Napoli (askanews) - Per lo Stato italiano erano disabili e come tali godevano di un trattamento pensionistico, in realtà se ne andavano tranquillamente a fare la spesa al supermercato, frodando all'Inps quasi 2 milioni di euro.

I Carabinieri della compagnia di Bagnoli, su disposizione della Procura, hanno così fermato 27 falsi invalidi (17 ai domiciliari e 10 con obbligo di presentazione quotidiana alla polizia giudiziaria) che si erano letteralmente inventate delle patologie gravi macchiandosi, a vario titolo, dei reati di truffa ai danni di ente pubblico, contraffazione di certificati, falsità emessa da privati e falsità ideologica in atto pubblico.

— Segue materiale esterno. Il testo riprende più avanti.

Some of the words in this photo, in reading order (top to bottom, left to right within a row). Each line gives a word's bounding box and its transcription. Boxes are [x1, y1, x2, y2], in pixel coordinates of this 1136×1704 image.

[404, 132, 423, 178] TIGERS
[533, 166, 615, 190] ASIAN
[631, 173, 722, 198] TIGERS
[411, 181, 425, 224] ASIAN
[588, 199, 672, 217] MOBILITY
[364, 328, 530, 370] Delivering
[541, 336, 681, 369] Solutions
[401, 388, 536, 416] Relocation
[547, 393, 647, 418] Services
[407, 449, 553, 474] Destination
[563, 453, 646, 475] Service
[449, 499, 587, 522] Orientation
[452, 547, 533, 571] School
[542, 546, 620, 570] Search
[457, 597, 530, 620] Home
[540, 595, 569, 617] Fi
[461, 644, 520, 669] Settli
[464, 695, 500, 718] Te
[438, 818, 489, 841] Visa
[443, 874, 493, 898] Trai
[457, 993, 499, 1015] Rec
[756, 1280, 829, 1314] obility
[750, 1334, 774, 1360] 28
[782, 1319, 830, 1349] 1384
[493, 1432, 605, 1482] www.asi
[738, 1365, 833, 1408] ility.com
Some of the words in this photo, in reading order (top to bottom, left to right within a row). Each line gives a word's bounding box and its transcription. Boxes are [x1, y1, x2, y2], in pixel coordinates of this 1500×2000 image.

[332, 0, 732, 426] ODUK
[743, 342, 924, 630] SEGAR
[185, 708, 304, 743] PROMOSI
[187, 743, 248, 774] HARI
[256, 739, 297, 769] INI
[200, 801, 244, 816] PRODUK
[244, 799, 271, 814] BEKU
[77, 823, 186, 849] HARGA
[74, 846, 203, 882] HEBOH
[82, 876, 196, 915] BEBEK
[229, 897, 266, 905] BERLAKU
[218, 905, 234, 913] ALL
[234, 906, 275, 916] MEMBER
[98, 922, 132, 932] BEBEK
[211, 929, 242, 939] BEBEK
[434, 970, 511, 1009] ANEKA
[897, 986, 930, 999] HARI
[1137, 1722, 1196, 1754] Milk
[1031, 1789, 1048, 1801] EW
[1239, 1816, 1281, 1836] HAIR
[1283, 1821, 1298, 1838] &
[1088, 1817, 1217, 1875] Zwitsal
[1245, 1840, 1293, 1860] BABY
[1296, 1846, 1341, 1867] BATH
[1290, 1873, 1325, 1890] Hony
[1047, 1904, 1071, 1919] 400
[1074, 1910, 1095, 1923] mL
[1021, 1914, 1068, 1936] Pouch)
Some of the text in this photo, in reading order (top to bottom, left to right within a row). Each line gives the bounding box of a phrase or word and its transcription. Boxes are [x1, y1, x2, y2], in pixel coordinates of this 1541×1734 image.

Nel corso delle indagini è stato realizzato con le telecamere nascoste un video in cui si vedono persone - che per l'Inps erano affette da "paralisi motoria" e "disturbi psichici e fobie" - passeggiare normalmente e fare la spesa.

I militari hanno accertato che i responsabili avevano falsificato i verbali di accertamento dell'invalidità dell'Asl, anche con falsi timbri al punto da indurre in errore gli stessi funzionari dell'Inps e ottenere indebitamente l'erogazione di pensioni di invalidità.